Protein folding has very little to do with free energy minimum, as most of the previous posts would like you to believe. Less than 20% of eukaryotic proteins would ever fold on its own. Besides, a deep energy minimum is equivalent to lack of change or death in biological language. People are still very attached to the Anfinsen principle from the 60s for which he got a Nobel prize. This view has been proven highly outdated and very approximate (see issue 324 of Science Apr 2009). Unfortunately, change of a paradigm is a painfully arduous process.
Proteins are mixtures of locally minimal "solid state" domains and locally flexible "liquid state" contributions. If someone can talk abut a conditional stability of the solid domains (conditional because prions and many other proteins have multiple stable conformers depending on the surrounding condition) than there is no real sense talking about a minimum energy for the "liquid like" domains. (Proc Natl Acad Sci U S A. 2009 Jun 30;106(26):10505-10) In essence only around 30% proteins have dominating 3D structure, ~30% some structure, and around 30% almost never any dominant structure. The distribution is completely smooth form very solid-like proteins to liquid-like proteins.

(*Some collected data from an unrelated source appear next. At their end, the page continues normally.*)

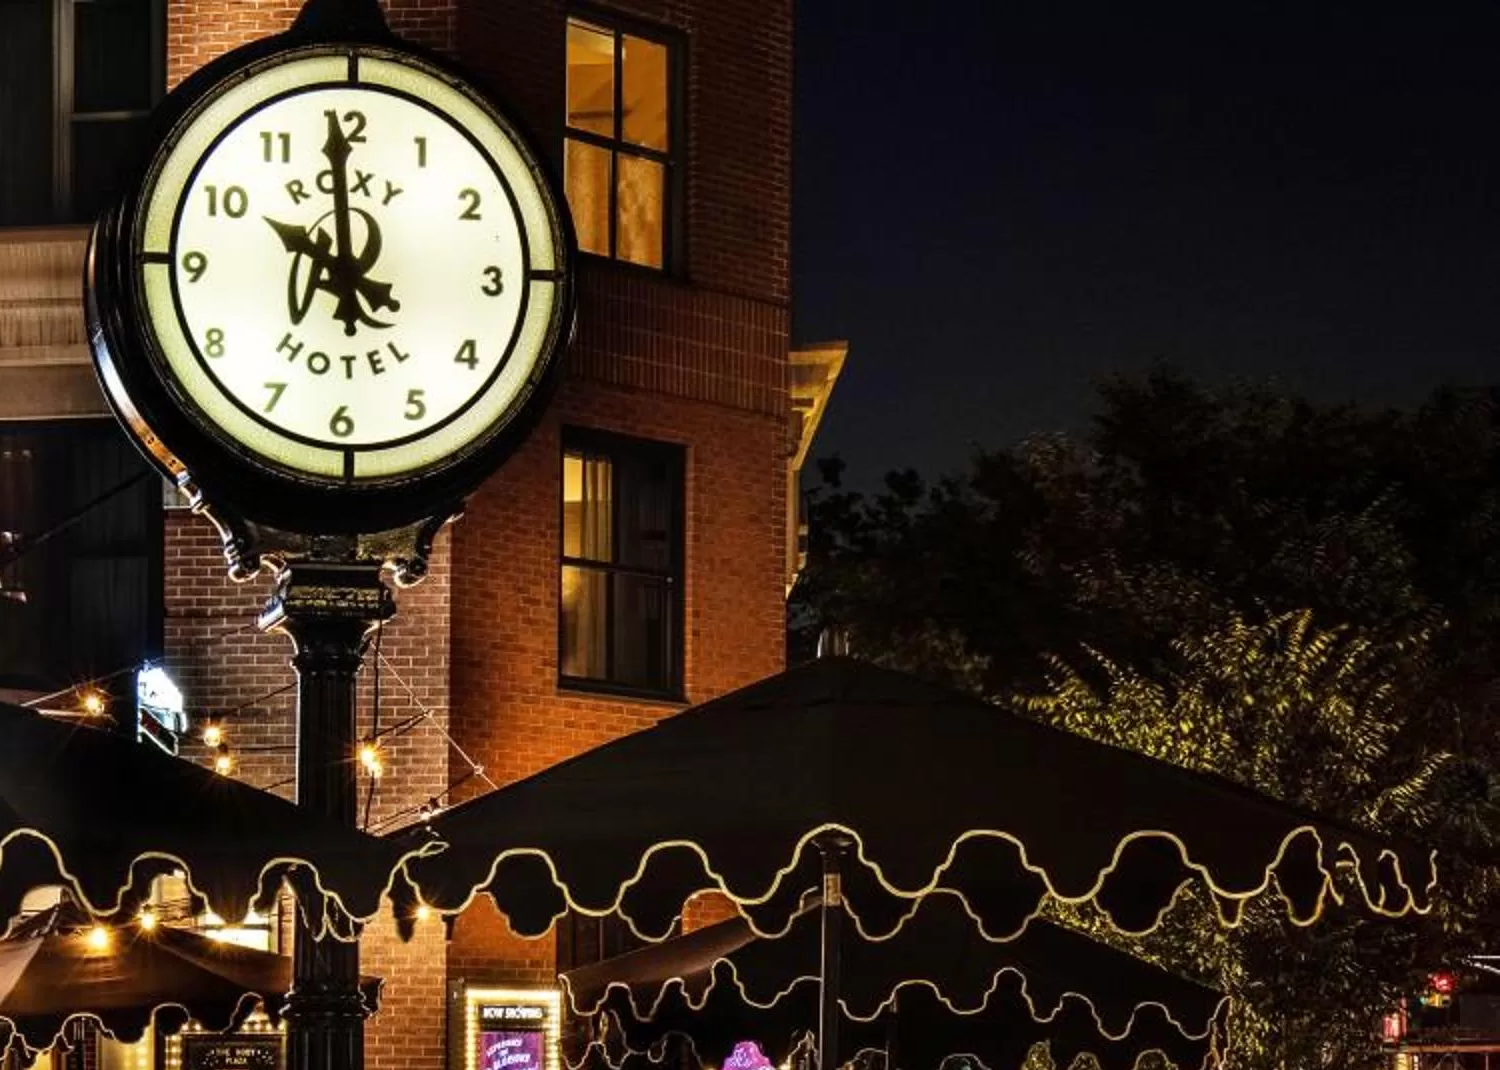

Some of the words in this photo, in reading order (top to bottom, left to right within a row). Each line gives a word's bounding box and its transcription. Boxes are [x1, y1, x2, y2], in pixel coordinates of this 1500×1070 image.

[323, 110, 367, 142] 12
[260, 131, 291, 164] 11
[414, 137, 427, 168] 1
[204, 185, 248, 218] 10
[285, 168, 404, 205] ROXY
[457, 188, 482, 221] 2
[182, 251, 208, 283] 9
[481, 266, 504, 297] 3
[205, 328, 225, 359] 8
[276, 332, 411, 380] HOTEL
[454, 339, 480, 370] 4
[263, 382, 288, 413] 7
[404, 390, 427, 421] 5
[329, 406, 355, 438] 6
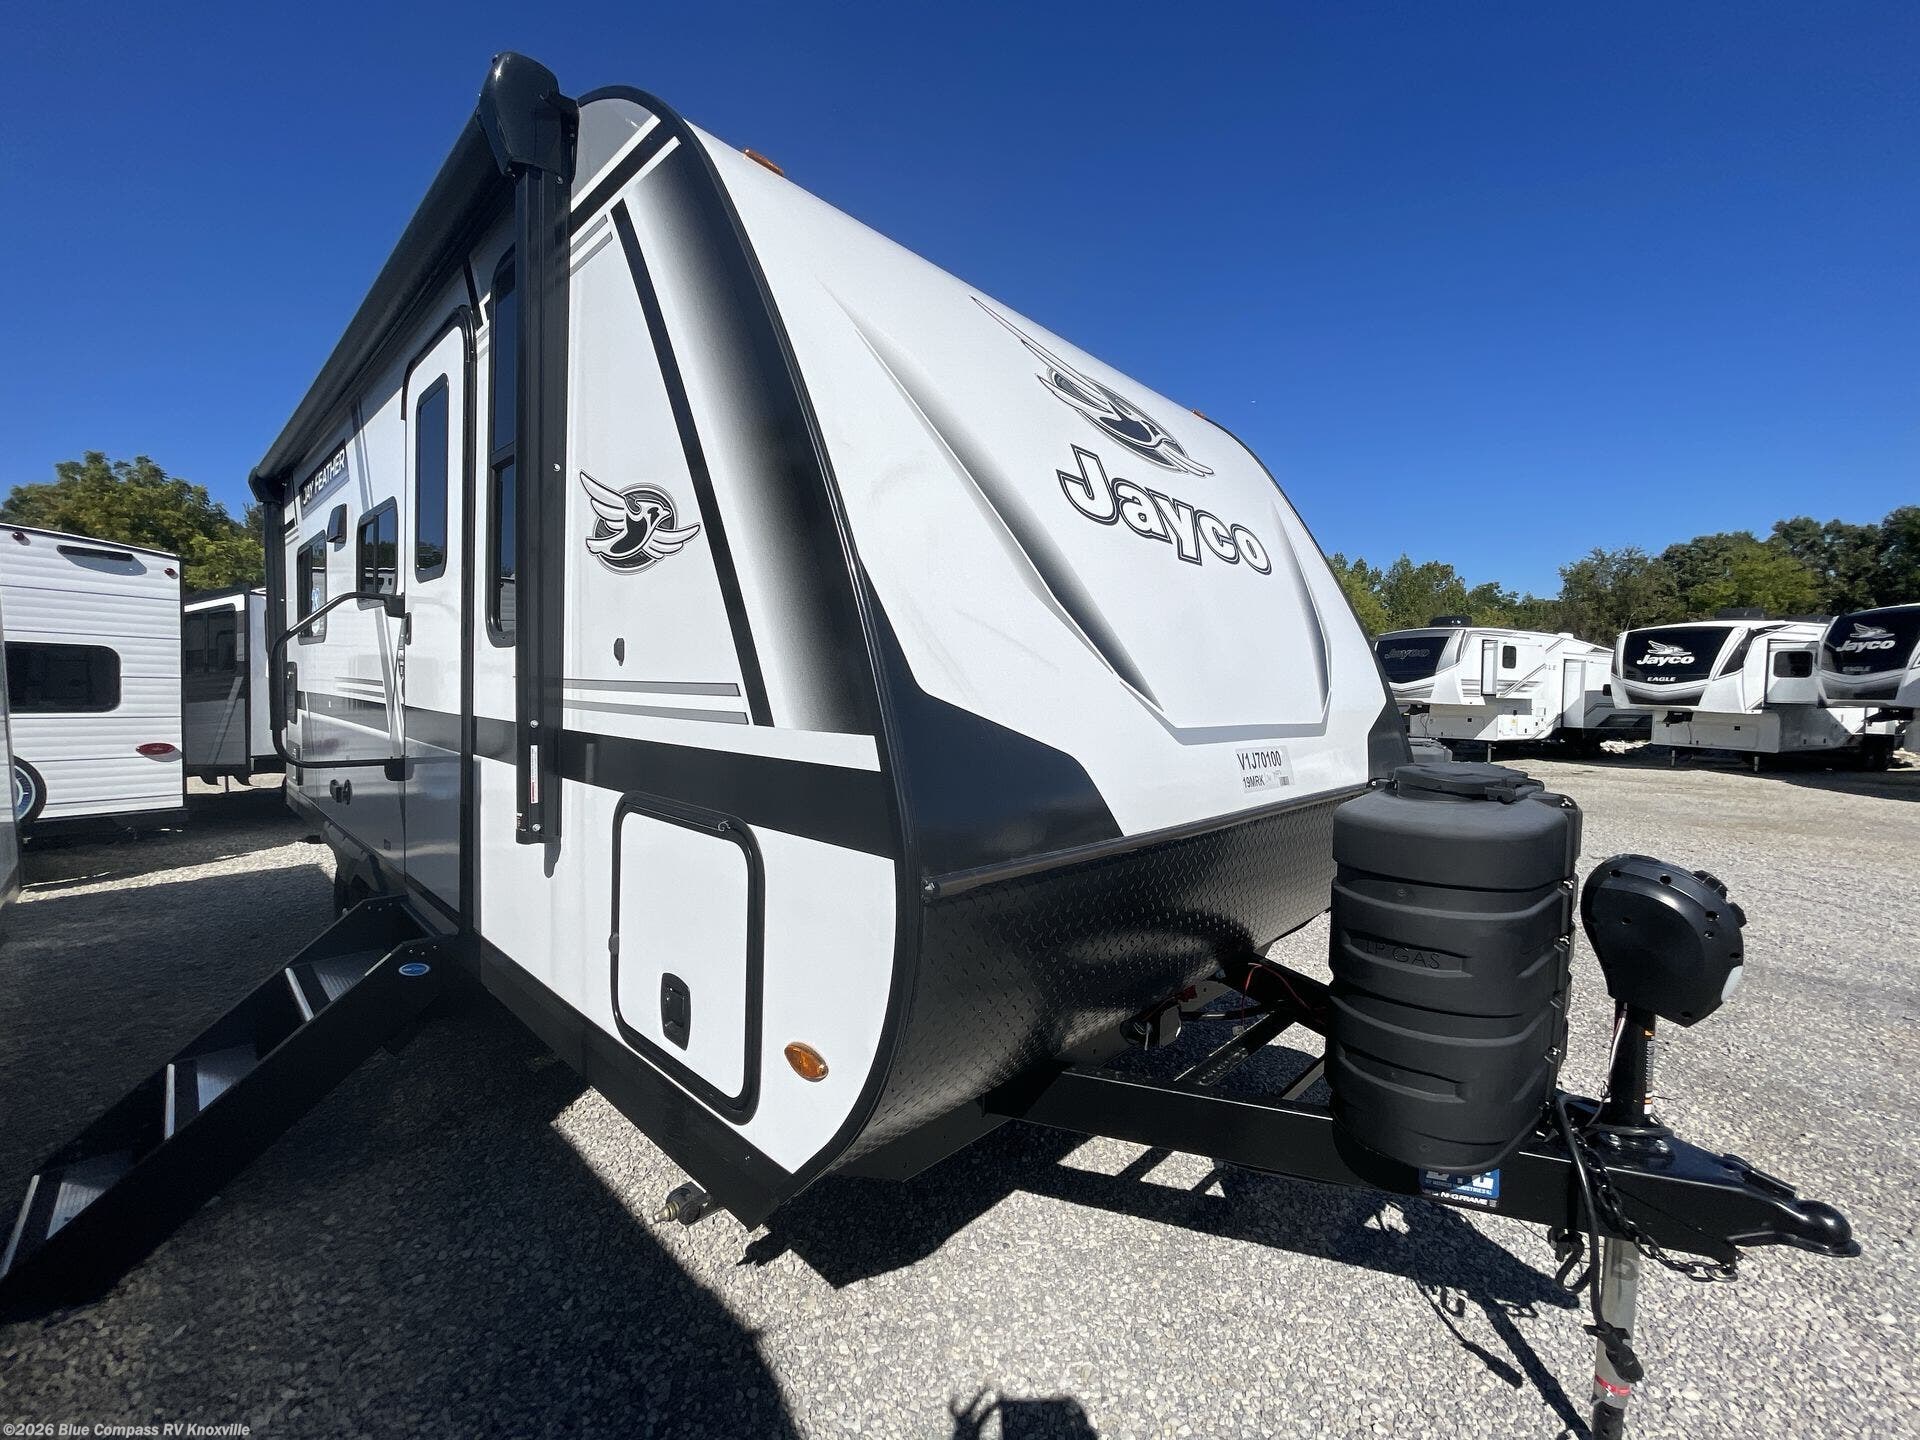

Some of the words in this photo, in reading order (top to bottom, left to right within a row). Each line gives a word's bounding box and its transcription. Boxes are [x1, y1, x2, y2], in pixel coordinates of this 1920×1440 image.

[303, 480, 314, 505] JAY
[314, 449, 345, 494] FEATHER
[1056, 443, 1273, 576] Jayco
[1384, 647, 1430, 660] Jayco
[1835, 639, 1896, 654] Jayco
[1636, 654, 1695, 667] Jayco
[1236, 750, 1282, 770] V1J70100
[1392, 946, 1440, 969] GAS

Despite all these caveats spelled out above there is a natural folding energy scale. An average folded protein has a stability of around 30 kcal/mol (which by the way is only around 10 hydrogen bonds), signaling events cannot change the energy by more than ~10 kcal/mol and the stability of individual conformational change that is controlled by small molecule binding would be around 3 kcal/mol (which is around a single hydrogen bond). Life indeed lives dangerously unstable.
Therefore, protein folding is a complex question from a domain of self organized systems. Some proteins use thermodynamics, some proteins use kinetics some protein use conditional partners and excretion and some proteins never acquire any shape that we could call a folded state. The state of our knowledge is so weak and incomplete that we have difficulties in even predicting which sequence would form what protein. I do not even mention the pretentious folding sites which success rate is in low percentages but their authors are highly regarded as solvers of protein folding. Only recently some web service established crystallization probabilities that actually try to answer this question heuristically (XtalPred). Protein folding by definition does not have any unique solution because it cannot have one.
Therefore, you have to reevaluate your question and we all need to rethink how to adapt to a new paradigm.